Mike Tucker looks back—and ahead BY SAMUEL PICCOLO The VOICE I n more than 40 years of working with horses, Mike Tucker has only once been truly afraid. One day in 1985, acquired a horse that had been giving the previous owners trouble.

Mike Tucker looks back—and ahead

BY SAMUEL PICCOLO The VOICE

In more than 40 years of working with horses, Mike Tucker has only once been truly afraid. One day in 1985, acquired a horse that had been giving the previous owners trouble. It could be perfectly calm, and then, without warning, throw a fit. Tucker seeks to establish relationships with every new horse he encounters, and this one was no different.
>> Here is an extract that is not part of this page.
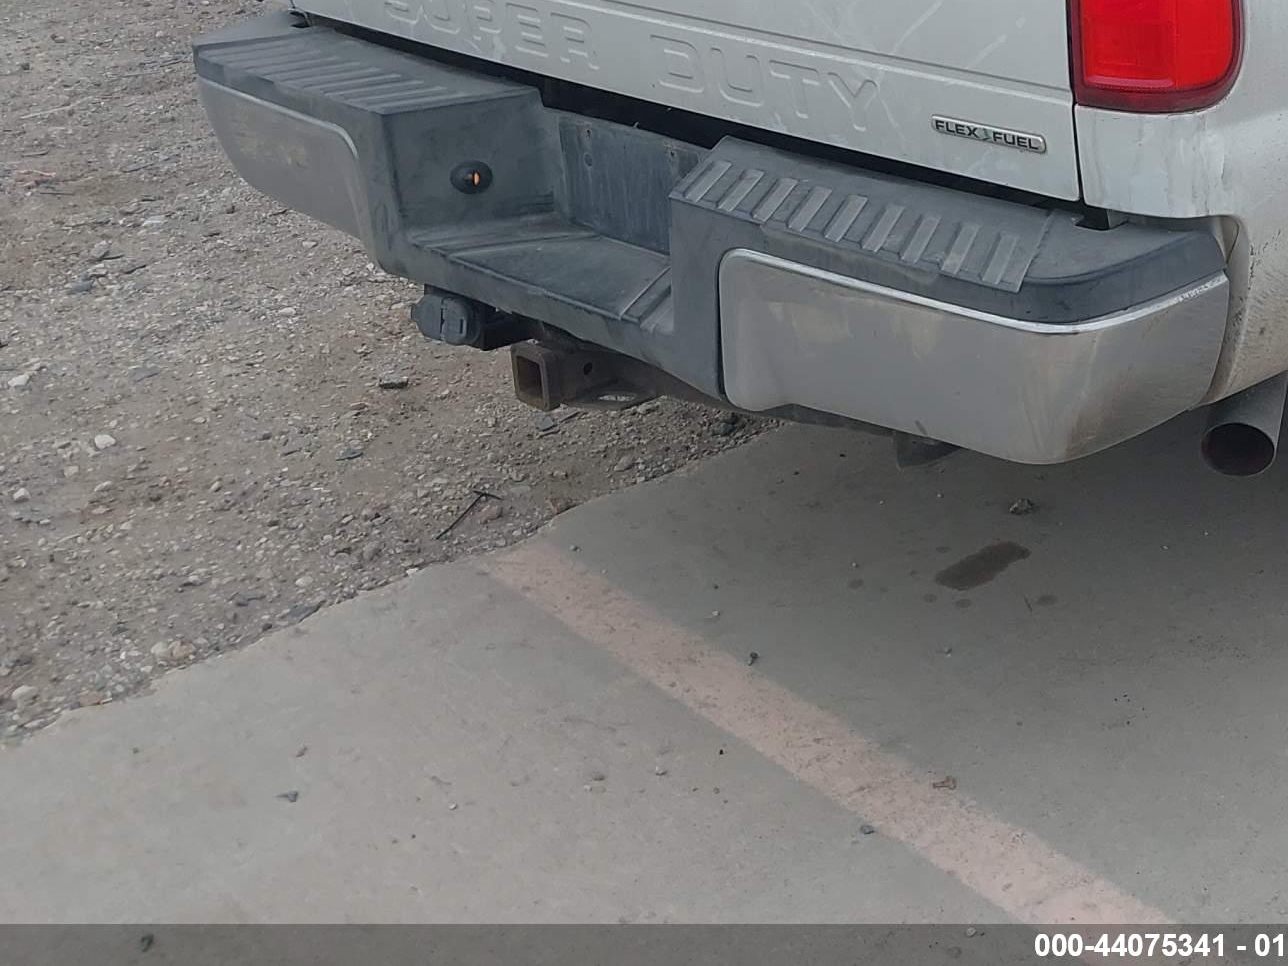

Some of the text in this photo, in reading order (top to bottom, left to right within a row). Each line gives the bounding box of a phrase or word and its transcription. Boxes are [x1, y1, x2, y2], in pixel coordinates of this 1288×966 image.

[648, 33, 881, 132] DUTY
[935, 119, 1040, 150] FLEX FUEL
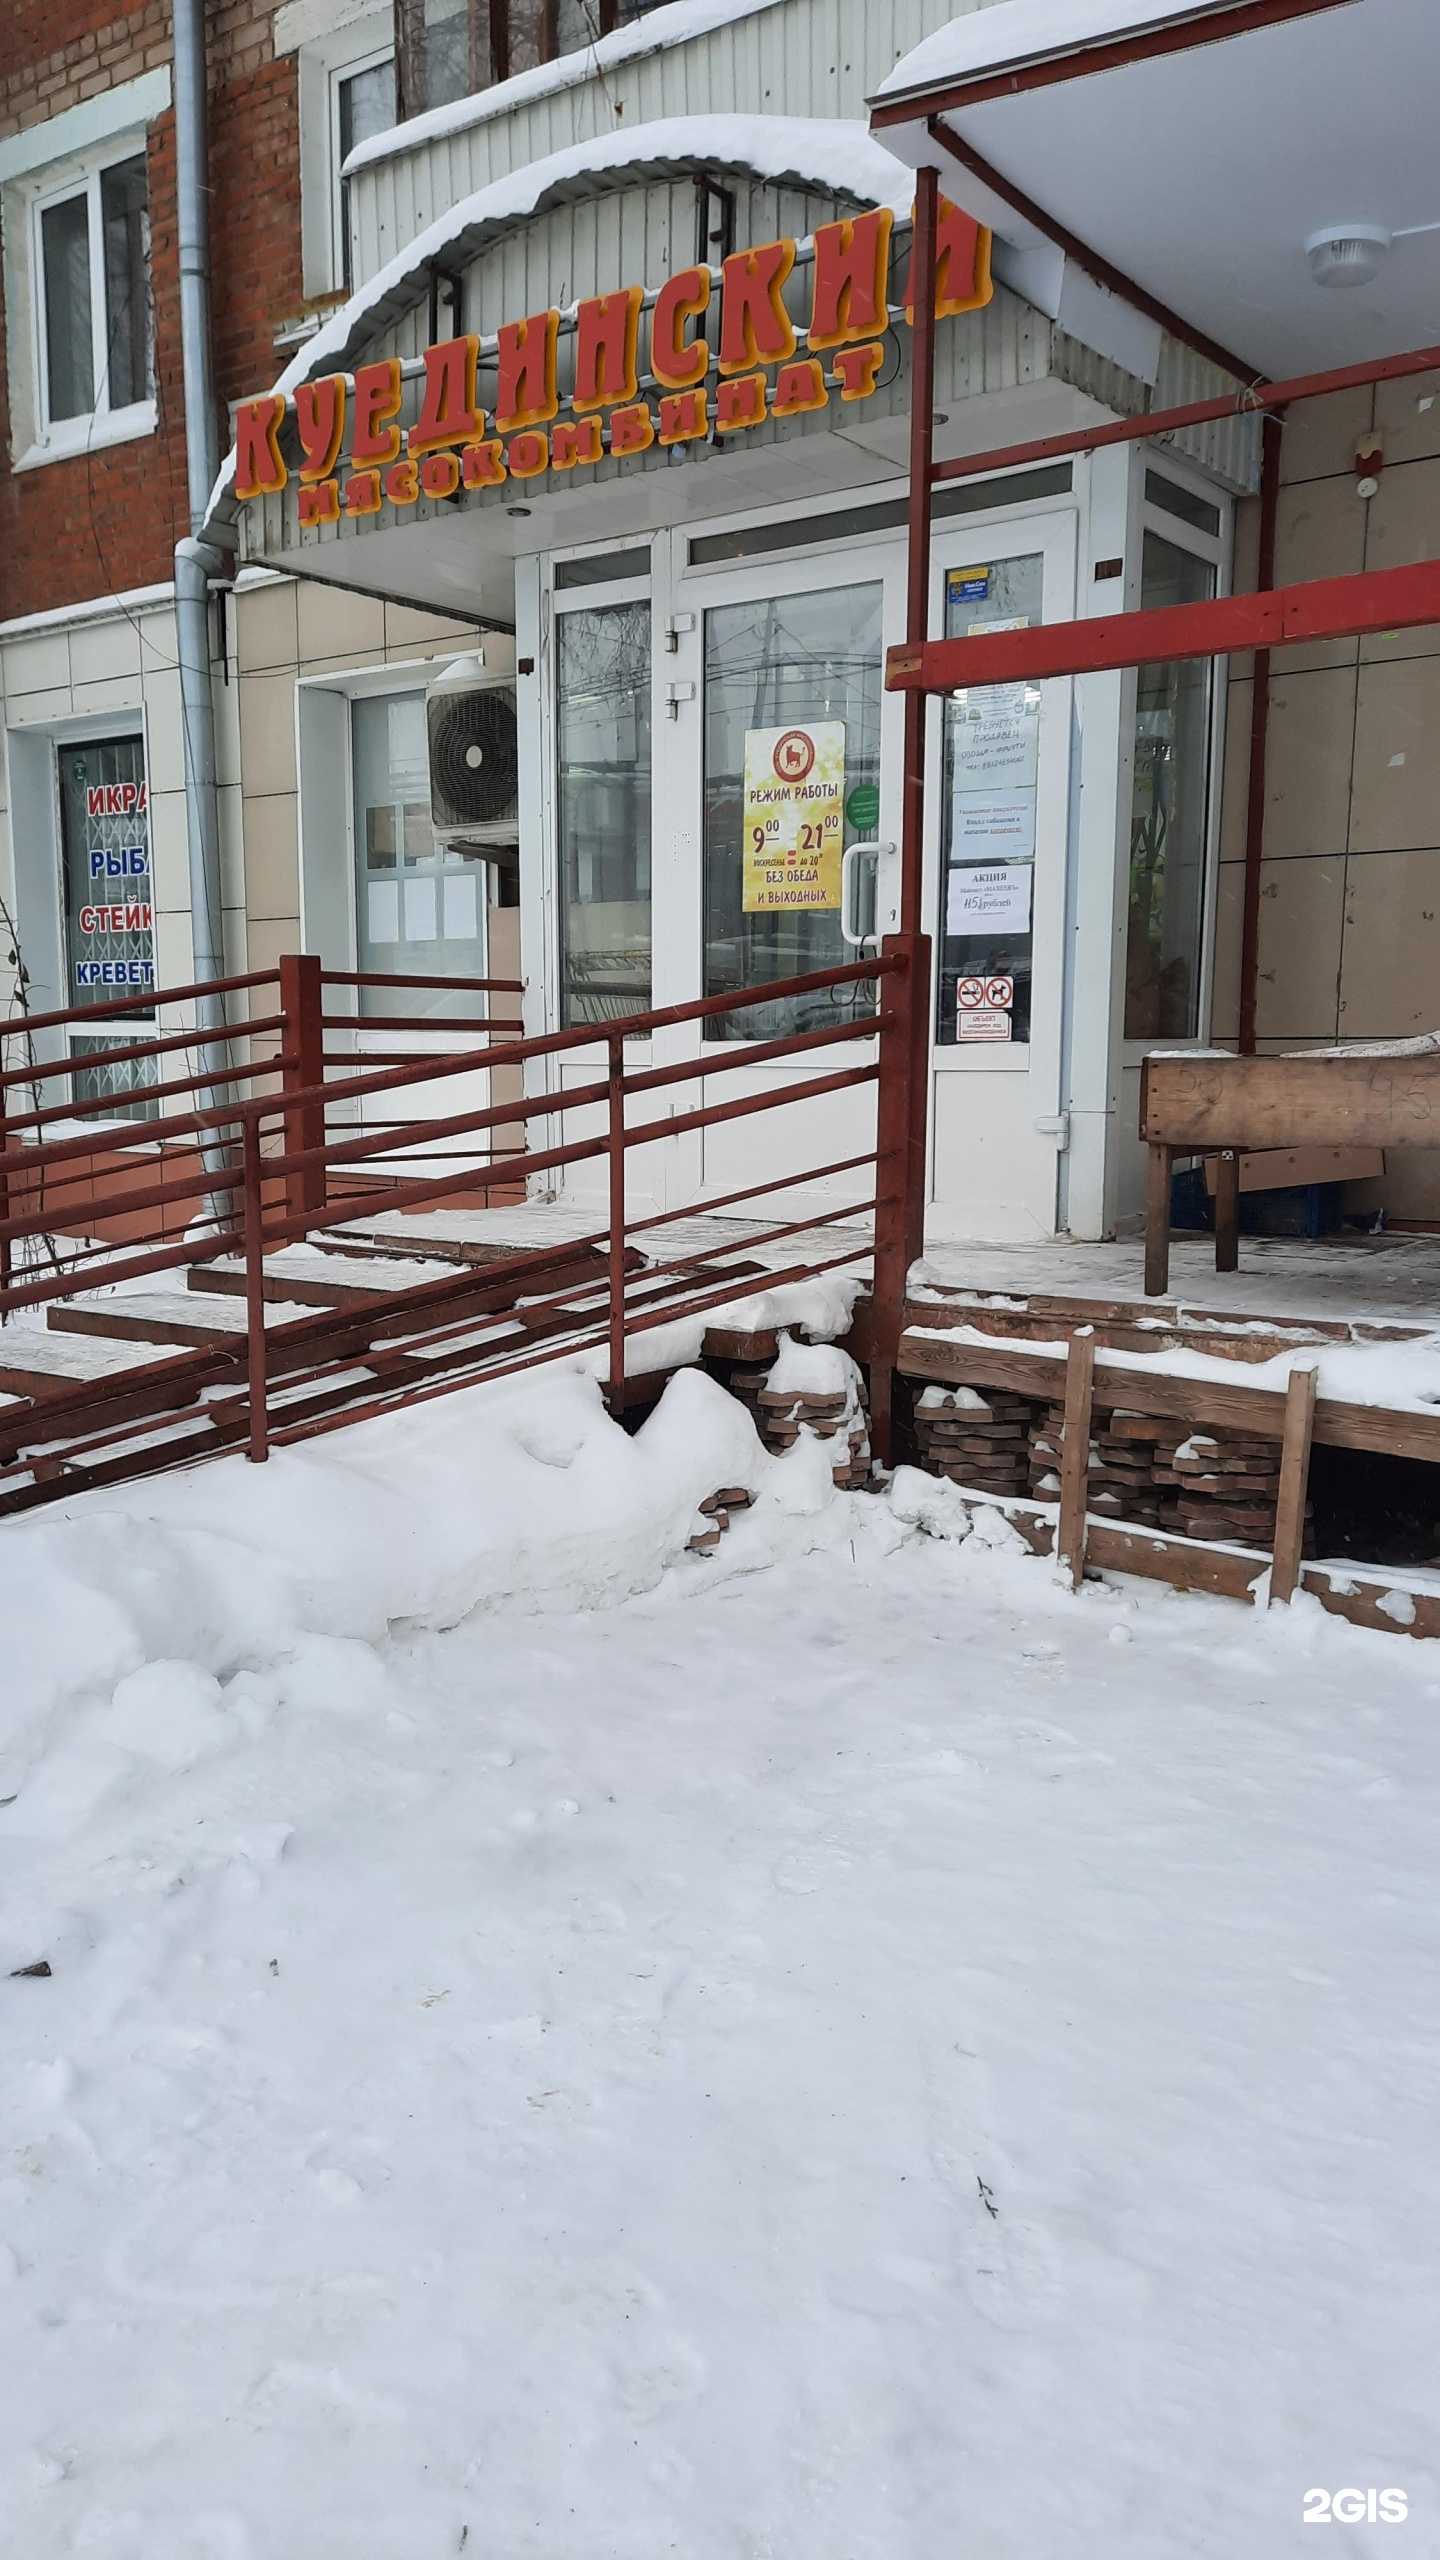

He had gotten to know it well, and began riding it without trouble around the paddock at his 11-acre North Pelham farm.

And then, suddenly, the horse flipped out.

As Tucker stepped down from the saddle, it charged, chasing him to the fence, stomping on his leg as he scrambled to get away, breaking his fibula. Had he not made it through the fence, the horse would likely have killed him. Tucker was troubled.

“I just couldn’t figure out what was going on,” he said. “So I went to someone who knew the horse’s history, and he told me, ‘that horse had his tongue cut.’”

Sure enough, when Tucker looked in its mouth, the horse had a great scar running across its tongue, leaving exposed nerve endings. Tucker realized that the horse’s problem had been the bit—the rod of metal put in a horse’s mouth to allow a rider to steer. In most cases, the pulling of the bit causes only minor discomfort, but with this horse it was causing extreme pain and likely flashbacks to the cutting.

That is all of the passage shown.